Question

Downloading Gene Annotation protein.faa files from Genome Accession numbers from NCBI via Entrez

1

Entering edit mode

8.0 years ago

ijc2 ▴ 10

I have a list of NCBI genome accession numbers of the form: NC_####### and I want to download the protein fasta files corresponding to the genome annotations of the accession numbers.

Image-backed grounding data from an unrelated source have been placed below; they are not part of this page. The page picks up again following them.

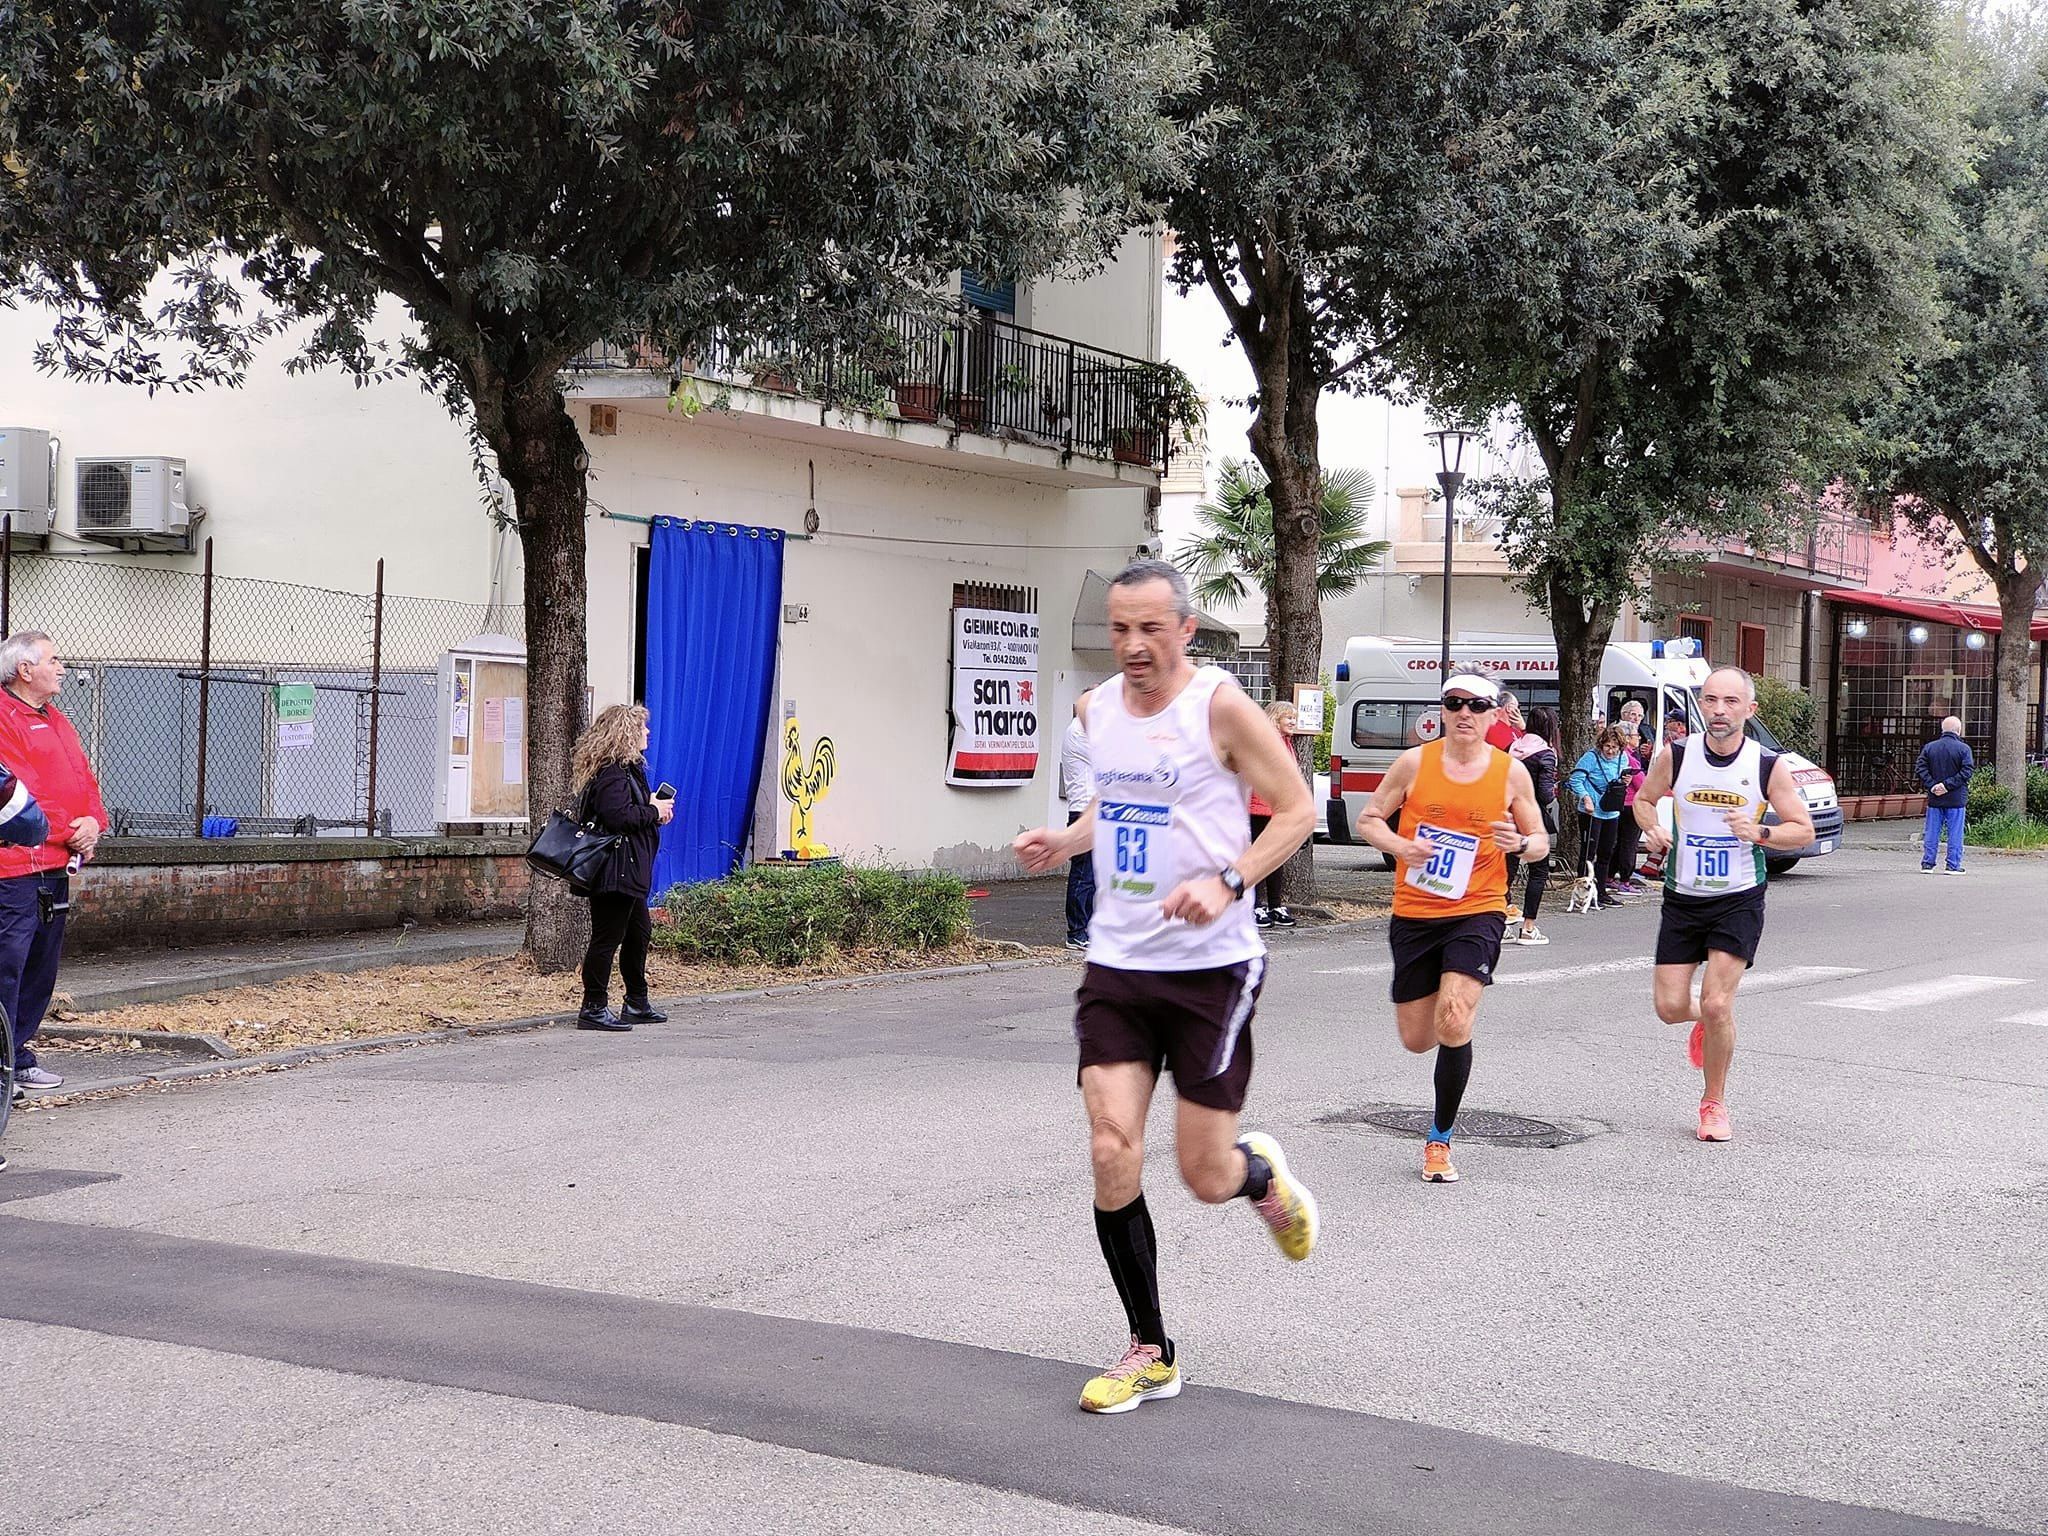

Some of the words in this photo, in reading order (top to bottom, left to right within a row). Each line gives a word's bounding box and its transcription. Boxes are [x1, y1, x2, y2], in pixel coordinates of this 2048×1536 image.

[281, 698, 313, 707] DEPOSITO
[973, 678, 1011, 706] san
[286, 709, 307, 717] BORSE
[974, 708, 1037, 737] marco
[1692, 792, 1740, 806] MAMELI
[1117, 826, 1147, 874] 63
[1426, 845, 1456, 879] 59
[1695, 849, 1729, 877] 150

I have tried (using Python 2.7):

import os
from Bio import Entrez, SeqIO
Entrez.email = "email@example.com"
id_list = "NC_004757"
handle = Entrez.esearch(db="nuccore", term = id_list)
record = Entrez.read(handle)
gi_list = record["IdList"]
gi_str = ",".join(gi_list)    
handle = Entrez.efetch(db="nuccore", id=gi_str, rettype="fasta_cds_aa")
records = list(SeqIO.parse(handle, "fasta"))
for item in records:
  printitem.id)

But the runtime is so long I believe there must be an issue. Any idea on how I can access these genome annotation fasta files in bulk?

entrez ncbi fasta python • 3.1k views

ADD COMMENT • link 8.0 years ago by ijc2 ▴ 10

score 0 · Answer 1 · 2016-05-05

Try to start without python to make sure everything can be found where it should be found.

See my answer inside this post.

A: where can I get environmental bacteria genome in fasta format (as many as possib

It's Ok for any organism in NCBI, not only for bacteria.

If NC_004757 is a real number, it's a bacterium, so no problem.

NCBI has been changed a lot, so make sure your files exist where you are looking for them.

Find the name of your bacterium in this file:

ftp://ftp.ncbi.nlm.nih.gov/genomes/genbank/assembly_summary_genbank.txt

Copy the respective url to any browser.

ftp://ftp.ncbi.nlm.nih.gov/genomes/all/GCA_000009145.1_ASM914v1/

You can download your faa-files from the site above.